**Work request:** Here are some entries; quote each one exactly.
##### Material provided
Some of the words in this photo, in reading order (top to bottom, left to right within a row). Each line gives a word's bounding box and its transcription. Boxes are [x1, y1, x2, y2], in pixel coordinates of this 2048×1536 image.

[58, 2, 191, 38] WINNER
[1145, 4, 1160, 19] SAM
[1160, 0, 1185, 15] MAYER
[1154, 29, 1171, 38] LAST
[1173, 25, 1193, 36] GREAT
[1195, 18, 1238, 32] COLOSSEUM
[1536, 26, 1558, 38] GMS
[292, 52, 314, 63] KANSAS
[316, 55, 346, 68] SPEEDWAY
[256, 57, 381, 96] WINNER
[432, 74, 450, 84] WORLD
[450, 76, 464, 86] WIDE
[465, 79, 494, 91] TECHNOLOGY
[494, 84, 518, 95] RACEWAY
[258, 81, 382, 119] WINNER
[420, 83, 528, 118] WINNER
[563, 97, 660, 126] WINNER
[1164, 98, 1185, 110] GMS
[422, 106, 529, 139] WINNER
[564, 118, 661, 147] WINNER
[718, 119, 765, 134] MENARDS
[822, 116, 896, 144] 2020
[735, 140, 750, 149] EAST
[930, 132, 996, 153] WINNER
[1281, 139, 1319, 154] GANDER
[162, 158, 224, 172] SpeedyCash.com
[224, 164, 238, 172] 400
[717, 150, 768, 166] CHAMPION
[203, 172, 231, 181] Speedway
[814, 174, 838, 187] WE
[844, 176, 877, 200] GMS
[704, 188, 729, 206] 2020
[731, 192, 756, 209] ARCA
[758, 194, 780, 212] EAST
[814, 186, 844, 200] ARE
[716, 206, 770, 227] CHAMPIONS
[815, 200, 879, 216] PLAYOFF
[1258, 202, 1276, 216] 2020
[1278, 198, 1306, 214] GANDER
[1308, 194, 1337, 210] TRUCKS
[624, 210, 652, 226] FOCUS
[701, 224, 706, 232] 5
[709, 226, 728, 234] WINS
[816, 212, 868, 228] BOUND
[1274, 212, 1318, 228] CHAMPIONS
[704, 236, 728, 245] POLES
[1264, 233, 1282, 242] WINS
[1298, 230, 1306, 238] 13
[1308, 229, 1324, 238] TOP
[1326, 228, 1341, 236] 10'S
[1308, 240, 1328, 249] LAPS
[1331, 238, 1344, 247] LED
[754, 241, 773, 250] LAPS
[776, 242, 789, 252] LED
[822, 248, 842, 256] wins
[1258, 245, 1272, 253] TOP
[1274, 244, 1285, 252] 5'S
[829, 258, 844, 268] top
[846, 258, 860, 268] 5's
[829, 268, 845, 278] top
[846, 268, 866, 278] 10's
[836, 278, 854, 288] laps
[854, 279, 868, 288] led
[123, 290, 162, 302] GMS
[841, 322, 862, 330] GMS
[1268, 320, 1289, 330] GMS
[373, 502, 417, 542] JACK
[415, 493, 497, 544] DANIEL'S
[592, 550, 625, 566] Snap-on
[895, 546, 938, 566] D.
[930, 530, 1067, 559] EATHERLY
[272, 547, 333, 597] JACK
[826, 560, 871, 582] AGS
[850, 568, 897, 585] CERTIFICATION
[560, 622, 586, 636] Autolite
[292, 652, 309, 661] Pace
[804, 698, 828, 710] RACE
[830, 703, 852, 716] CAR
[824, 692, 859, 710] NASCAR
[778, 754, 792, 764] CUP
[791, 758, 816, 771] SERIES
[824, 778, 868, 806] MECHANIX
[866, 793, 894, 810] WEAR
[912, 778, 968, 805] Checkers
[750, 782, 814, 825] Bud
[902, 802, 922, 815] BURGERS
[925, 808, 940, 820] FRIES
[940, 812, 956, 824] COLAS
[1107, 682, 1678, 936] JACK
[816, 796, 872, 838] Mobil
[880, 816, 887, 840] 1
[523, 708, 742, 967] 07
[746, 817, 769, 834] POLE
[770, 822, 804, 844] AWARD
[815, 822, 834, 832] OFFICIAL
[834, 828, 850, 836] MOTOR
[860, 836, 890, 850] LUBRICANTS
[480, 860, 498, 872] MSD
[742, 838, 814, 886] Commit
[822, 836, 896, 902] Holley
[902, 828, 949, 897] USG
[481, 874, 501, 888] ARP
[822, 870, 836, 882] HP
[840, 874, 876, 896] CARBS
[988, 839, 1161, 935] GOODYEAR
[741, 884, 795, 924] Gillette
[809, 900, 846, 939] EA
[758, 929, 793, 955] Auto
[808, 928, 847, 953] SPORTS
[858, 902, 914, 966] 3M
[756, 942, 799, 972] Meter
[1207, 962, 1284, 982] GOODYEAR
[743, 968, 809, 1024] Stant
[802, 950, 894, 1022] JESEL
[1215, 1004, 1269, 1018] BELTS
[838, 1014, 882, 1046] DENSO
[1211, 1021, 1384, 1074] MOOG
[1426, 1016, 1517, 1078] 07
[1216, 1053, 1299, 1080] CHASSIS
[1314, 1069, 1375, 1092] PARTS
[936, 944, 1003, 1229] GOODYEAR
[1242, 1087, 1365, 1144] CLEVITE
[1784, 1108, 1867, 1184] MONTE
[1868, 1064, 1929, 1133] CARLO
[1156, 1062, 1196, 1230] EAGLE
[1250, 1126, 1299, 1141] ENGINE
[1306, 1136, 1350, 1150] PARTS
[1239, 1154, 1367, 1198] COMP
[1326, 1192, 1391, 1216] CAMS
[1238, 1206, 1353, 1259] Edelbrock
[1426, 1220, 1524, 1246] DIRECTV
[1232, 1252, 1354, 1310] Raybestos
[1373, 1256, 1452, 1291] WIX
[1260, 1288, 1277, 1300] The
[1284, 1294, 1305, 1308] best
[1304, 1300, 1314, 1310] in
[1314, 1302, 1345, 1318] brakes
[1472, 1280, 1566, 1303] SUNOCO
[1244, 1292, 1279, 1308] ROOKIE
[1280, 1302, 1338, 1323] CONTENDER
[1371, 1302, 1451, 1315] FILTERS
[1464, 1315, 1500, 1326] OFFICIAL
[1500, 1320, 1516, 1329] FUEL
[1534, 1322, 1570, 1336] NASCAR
##########
**Result of this exercise:**
Some of the words in this photo, in reading order (top to bottom, left to right within a row). Each line gives a word's bounding box and its transcription. Boxes are [x1, y1, x2, y2], in pixel coordinates of this 2048×1536 image.

[58, 2, 191, 38] WINNER
[1145, 4, 1160, 19] SAM
[1160, 0, 1185, 15] MAYER
[1154, 29, 1171, 38] LAST
[1173, 25, 1193, 36] GREAT
[1195, 18, 1238, 32] COLOSSEUM
[1536, 26, 1558, 38] GMS
[292, 52, 314, 63] KANSAS
[316, 55, 346, 68] SPEEDWAY
[256, 57, 381, 96] WINNER
[432, 74, 450, 84] WORLD
[450, 76, 464, 86] WIDE
[465, 79, 494, 91] TECHNOLOGY
[494, 84, 518, 95] RACEWAY
[258, 81, 382, 119] WINNER
[420, 83, 528, 118] WINNER
[563, 97, 660, 126] WINNER
[1164, 98, 1185, 110] GMS
[422, 106, 529, 139] WINNER
[564, 118, 661, 147] WINNER
[718, 119, 765, 134] MENARDS
[822, 116, 896, 144] 2020
[735, 140, 750, 149] EAST
[930, 132, 996, 153] WINNER
[1281, 139, 1319, 154] GANDER
[162, 158, 224, 172] SpeedyCash.com
[224, 164, 238, 172] 400
[717, 150, 768, 166] CHAMPION
[203, 172, 231, 181] Speedway
[814, 174, 838, 187] WE
[844, 176, 877, 200] GMS
[704, 188, 729, 206] 2020
[731, 192, 756, 209] ARCA
[758, 194, 780, 212] EAST
[814, 186, 844, 200] ARE
[716, 206, 770, 227] CHAMPIONS
[815, 200, 879, 216] PLAYOFF
[1258, 202, 1276, 216] 2020
[1278, 198, 1306, 214] GANDER
[1308, 194, 1337, 210] TRUCKS
[624, 210, 652, 226] FOCUS
[701, 224, 706, 232] 5
[709, 226, 728, 234] WINS
[816, 212, 868, 228] BOUND
[1274, 212, 1318, 228] CHAMPIONS
[704, 236, 728, 245] POLES
[1264, 233, 1282, 242] WINS
[1298, 230, 1306, 238] 13
[1308, 229, 1324, 238] TOP
[1326, 228, 1341, 236] 10'S
[1308, 240, 1328, 249] LAPS
[1331, 238, 1344, 247] LED
[754, 241, 773, 250] LAPS
[776, 242, 789, 252] LED
[822, 248, 842, 256] wins
[1258, 245, 1272, 253] TOP
[1274, 244, 1285, 252] 5'S
[829, 258, 844, 268] top
[846, 258, 860, 268] 5's
[829, 268, 845, 278] top
[846, 268, 866, 278] 10's
[836, 278, 854, 288] laps
[854, 279, 868, 288] led
[123, 290, 162, 302] GMS
[841, 322, 862, 330] GMS
[1268, 320, 1289, 330] GMS
[373, 502, 417, 542] JACK
[415, 493, 497, 544] DANIEL'S
[592, 550, 625, 566] Snap-on
[895, 546, 938, 566] D.
[930, 530, 1067, 559] EATHERLY
[272, 547, 333, 597] JACK
[826, 560, 871, 582] AGS
[850, 568, 897, 585] CERTIFICATION
[560, 622, 586, 636] Autolite
[292, 652, 309, 661] Pace
[804, 698, 828, 710] RACE
[830, 703, 852, 716] CAR
[824, 692, 859, 710] NASCAR
[778, 754, 792, 764] CUP
[791, 758, 816, 771] SERIES
[824, 778, 868, 806] MECHANIX
[866, 793, 894, 810] WEAR
[912, 778, 968, 805] Checkers
[750, 782, 814, 825] Bud
[902, 802, 922, 815] BURGERS
[925, 808, 940, 820] FRIES
[940, 812, 956, 824] COLAS
[1107, 682, 1678, 936] JACK
[816, 796, 872, 838] Mobil
[880, 816, 887, 840] 1
[523, 708, 742, 967] 07
[746, 817, 769, 834] POLE
[770, 822, 804, 844] AWARD
[815, 822, 834, 832] OFFICIAL
[834, 828, 850, 836] MOTOR
[860, 836, 890, 850] LUBRICANTS
[480, 860, 498, 872] MSD
[742, 838, 814, 886] Commit
[822, 836, 896, 902] Holley
[902, 828, 949, 897] USG
[481, 874, 501, 888] ARP
[822, 870, 836, 882] HP
[840, 874, 876, 896] CARBS
[988, 839, 1161, 935] GOODYEAR
[741, 884, 795, 924] Gillette
[809, 900, 846, 939] EA
[758, 929, 793, 955] Auto
[808, 928, 847, 953] SPORTS
[858, 902, 914, 966] 3M
[756, 942, 799, 972] Meter
[1207, 962, 1284, 982] GOODYEAR
[743, 968, 809, 1024] Stant
[802, 950, 894, 1022] JESEL
[1215, 1004, 1269, 1018] BELTS
[838, 1014, 882, 1046] DENSO
[1211, 1021, 1384, 1074] MOOG
[1426, 1016, 1517, 1078] 07
[1216, 1053, 1299, 1080] CHASSIS
[1314, 1069, 1375, 1092] PARTS
[936, 944, 1003, 1229] GOODYEAR
[1242, 1087, 1365, 1144] CLEVITE
[1784, 1108, 1867, 1184] MONTE
[1868, 1064, 1929, 1133] CARLO
[1156, 1062, 1196, 1230] EAGLE
[1250, 1126, 1299, 1141] ENGINE
[1306, 1136, 1350, 1150] PARTS
[1239, 1154, 1367, 1198] COMP
[1326, 1192, 1391, 1216] CAMS
[1238, 1206, 1353, 1259] Edelbrock
[1426, 1220, 1524, 1246] DIRECTV
[1232, 1252, 1354, 1310] Raybestos
[1373, 1256, 1452, 1291] WIX
[1260, 1288, 1277, 1300] The
[1284, 1294, 1305, 1308] best
[1304, 1300, 1314, 1310] in
[1314, 1302, 1345, 1318] brakes
[1472, 1280, 1566, 1303] SUNOCO
[1244, 1292, 1279, 1308] ROOKIE
[1280, 1302, 1338, 1323] CONTENDER
[1371, 1302, 1451, 1315] FILTERS
[1464, 1315, 1500, 1326] OFFICIAL
[1500, 1320, 1516, 1329] FUEL
[1534, 1322, 1570, 1336] NASCAR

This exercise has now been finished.